Mediterranean plants are characterised by a high content of bioactive secondary metabolites that play important roles in plant–plant interactions as plant growth regulators and could be useful for the development of new eco‐friendly herbicides.

An NMR‐based metabolomics approach was reported to seek selective phytotoxic plant extracts and putative plant‐derived active molecules.

Plant extracts derived from five Mediterranean donor species (Pistacia lentiscus, Bellis sylvestris, Phleum subulatum, Petrohrhagia saxifraga and Melilotus neapolitana) were used to treat the hydroponic cultures of three receiving plants (Triticum durum, Triticum ovatum and Avena fatua). Morphological analyses of the treated receiving plants were carried out. NMR‐based metabolomics was applied both to characterise the donor plant extracts and to study the effects of the treatments on the receiving plants.

This study allowed the identification of Melilotus neapolitana and Bellis sylvestris as phytotoxic plant and good candidates for further studies.

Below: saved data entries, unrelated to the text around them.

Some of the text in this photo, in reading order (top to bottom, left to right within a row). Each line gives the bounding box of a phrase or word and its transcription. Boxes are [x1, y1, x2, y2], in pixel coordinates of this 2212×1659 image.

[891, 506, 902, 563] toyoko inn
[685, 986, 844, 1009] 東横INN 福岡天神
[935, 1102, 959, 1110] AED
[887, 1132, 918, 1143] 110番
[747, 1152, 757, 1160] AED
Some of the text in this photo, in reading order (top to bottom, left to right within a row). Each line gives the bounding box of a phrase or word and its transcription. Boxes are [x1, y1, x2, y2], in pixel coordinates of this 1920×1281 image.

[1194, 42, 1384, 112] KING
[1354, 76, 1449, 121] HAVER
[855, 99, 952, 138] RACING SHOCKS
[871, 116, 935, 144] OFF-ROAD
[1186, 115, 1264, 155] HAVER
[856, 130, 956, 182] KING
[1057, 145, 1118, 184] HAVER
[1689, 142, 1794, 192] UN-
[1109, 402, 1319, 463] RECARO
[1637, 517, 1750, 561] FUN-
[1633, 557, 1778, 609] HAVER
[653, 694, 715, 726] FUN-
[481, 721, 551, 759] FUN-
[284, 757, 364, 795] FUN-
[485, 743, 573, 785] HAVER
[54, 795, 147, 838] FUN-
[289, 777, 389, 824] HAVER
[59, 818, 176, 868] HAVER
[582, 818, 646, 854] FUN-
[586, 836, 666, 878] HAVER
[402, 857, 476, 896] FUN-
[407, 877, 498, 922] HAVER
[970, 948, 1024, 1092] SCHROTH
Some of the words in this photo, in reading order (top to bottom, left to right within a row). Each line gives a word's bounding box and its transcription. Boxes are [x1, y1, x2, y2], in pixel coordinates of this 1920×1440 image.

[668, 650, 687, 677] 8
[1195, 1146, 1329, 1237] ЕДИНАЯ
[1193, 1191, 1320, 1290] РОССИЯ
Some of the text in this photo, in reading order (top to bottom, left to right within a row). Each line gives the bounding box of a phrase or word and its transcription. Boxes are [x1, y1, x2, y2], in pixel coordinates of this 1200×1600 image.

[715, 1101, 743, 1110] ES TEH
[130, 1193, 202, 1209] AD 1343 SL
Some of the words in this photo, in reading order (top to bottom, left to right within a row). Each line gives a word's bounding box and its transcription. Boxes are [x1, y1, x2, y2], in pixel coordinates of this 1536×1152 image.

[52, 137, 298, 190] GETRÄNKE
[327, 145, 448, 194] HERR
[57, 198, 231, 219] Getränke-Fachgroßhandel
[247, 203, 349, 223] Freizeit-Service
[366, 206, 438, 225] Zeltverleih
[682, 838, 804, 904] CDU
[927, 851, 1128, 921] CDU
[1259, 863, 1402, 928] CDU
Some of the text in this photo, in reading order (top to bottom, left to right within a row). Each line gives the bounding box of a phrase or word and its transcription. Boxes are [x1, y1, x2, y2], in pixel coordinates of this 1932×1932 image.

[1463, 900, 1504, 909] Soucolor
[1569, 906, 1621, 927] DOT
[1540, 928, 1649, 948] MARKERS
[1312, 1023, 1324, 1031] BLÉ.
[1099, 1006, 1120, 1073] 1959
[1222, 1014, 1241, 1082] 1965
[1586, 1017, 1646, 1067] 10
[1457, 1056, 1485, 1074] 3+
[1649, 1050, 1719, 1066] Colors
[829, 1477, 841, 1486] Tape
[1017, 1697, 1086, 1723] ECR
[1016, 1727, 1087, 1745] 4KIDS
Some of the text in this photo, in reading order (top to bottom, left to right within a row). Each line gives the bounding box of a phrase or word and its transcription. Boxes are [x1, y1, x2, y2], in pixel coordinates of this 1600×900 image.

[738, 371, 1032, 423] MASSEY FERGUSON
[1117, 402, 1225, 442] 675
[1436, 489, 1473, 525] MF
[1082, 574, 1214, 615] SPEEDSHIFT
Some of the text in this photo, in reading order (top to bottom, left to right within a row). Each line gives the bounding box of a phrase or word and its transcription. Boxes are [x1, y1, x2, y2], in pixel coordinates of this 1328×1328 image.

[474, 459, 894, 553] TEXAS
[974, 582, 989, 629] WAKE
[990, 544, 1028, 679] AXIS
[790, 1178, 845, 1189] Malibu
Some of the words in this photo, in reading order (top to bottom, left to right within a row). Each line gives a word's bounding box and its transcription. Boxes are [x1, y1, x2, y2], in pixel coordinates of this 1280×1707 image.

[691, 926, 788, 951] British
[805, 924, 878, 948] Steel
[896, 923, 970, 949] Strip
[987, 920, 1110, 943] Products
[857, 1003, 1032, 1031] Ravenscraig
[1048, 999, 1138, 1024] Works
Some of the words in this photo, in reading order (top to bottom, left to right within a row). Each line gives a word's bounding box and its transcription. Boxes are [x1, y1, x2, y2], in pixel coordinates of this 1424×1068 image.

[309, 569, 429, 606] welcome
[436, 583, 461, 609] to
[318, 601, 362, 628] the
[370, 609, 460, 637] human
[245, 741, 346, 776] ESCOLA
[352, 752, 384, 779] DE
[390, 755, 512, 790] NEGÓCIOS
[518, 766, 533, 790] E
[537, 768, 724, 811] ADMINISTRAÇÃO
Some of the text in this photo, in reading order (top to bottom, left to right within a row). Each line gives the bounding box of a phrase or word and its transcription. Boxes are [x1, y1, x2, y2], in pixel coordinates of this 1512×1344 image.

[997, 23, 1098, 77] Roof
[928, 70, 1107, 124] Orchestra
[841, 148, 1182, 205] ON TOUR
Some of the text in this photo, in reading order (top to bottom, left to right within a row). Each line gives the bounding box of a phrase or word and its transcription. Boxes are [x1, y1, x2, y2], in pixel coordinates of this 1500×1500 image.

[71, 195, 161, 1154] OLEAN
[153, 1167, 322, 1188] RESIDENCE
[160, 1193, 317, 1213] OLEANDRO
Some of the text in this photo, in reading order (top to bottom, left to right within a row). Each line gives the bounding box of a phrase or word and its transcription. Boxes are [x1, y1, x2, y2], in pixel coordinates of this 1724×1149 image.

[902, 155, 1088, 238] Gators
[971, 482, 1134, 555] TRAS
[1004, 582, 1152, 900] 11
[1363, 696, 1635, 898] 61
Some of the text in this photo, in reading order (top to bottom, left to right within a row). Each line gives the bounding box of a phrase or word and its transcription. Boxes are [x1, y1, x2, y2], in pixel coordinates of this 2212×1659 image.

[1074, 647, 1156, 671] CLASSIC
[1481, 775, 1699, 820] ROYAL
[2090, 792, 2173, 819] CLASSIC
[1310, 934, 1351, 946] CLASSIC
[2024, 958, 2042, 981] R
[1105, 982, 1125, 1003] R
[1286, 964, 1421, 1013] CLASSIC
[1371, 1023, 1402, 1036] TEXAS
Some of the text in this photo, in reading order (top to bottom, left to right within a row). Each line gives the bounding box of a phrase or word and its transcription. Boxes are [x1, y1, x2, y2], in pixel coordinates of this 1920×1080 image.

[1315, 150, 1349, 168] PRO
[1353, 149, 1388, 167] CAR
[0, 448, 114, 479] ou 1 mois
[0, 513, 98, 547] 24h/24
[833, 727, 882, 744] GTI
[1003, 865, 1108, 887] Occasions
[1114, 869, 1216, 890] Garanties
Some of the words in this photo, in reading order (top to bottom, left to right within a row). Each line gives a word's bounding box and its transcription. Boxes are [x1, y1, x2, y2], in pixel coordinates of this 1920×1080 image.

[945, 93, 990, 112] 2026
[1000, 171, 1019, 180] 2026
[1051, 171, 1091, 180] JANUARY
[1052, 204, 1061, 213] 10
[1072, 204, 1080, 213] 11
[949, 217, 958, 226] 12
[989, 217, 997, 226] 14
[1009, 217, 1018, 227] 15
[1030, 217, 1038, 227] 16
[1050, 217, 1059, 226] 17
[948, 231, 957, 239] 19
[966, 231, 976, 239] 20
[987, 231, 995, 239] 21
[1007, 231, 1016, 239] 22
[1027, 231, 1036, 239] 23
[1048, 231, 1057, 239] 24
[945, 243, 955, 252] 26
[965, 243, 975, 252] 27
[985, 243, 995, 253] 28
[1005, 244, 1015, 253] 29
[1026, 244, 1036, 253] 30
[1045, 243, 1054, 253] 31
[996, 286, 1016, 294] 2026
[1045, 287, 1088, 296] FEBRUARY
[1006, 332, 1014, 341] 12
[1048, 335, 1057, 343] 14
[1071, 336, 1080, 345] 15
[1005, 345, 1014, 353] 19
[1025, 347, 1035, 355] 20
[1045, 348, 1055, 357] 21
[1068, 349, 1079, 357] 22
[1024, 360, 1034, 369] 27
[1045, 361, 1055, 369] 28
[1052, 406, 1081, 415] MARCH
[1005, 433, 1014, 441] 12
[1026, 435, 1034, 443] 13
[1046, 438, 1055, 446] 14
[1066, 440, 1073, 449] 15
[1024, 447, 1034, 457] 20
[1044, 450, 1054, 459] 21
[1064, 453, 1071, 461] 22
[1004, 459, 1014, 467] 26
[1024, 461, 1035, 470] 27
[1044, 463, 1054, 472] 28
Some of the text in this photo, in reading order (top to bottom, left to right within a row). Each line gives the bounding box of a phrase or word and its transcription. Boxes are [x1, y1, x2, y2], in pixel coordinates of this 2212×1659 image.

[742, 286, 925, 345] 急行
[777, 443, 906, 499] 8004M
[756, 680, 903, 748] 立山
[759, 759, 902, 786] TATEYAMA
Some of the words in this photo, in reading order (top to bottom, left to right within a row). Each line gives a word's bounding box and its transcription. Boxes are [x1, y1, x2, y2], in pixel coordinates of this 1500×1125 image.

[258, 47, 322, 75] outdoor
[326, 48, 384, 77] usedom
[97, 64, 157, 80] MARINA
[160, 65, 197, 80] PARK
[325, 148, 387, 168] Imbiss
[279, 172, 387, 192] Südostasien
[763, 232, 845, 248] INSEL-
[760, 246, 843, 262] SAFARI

Specifically, the NMR‐based metabolomics investigation showed that these species affect a specific set of metabolites (such as sugars, amino and organic acids) and therefore metabolic pathways [i.e. tricarboxylic acid (TCA) cycle, amino acid metabolism, etc.] that are crucial for the plant growth and development.

Moreover, it was possible to identify the metabolite(s) probably responsible for the phytotoxicity of the active extracts.


The NMR‐based metabolomics approach employed in this study led to the identification of two phytotoxic plant extracts and their putative active principles. These new insights will be of paramount importance in the future to find plant derived molecules endowed with phytotoxic activities.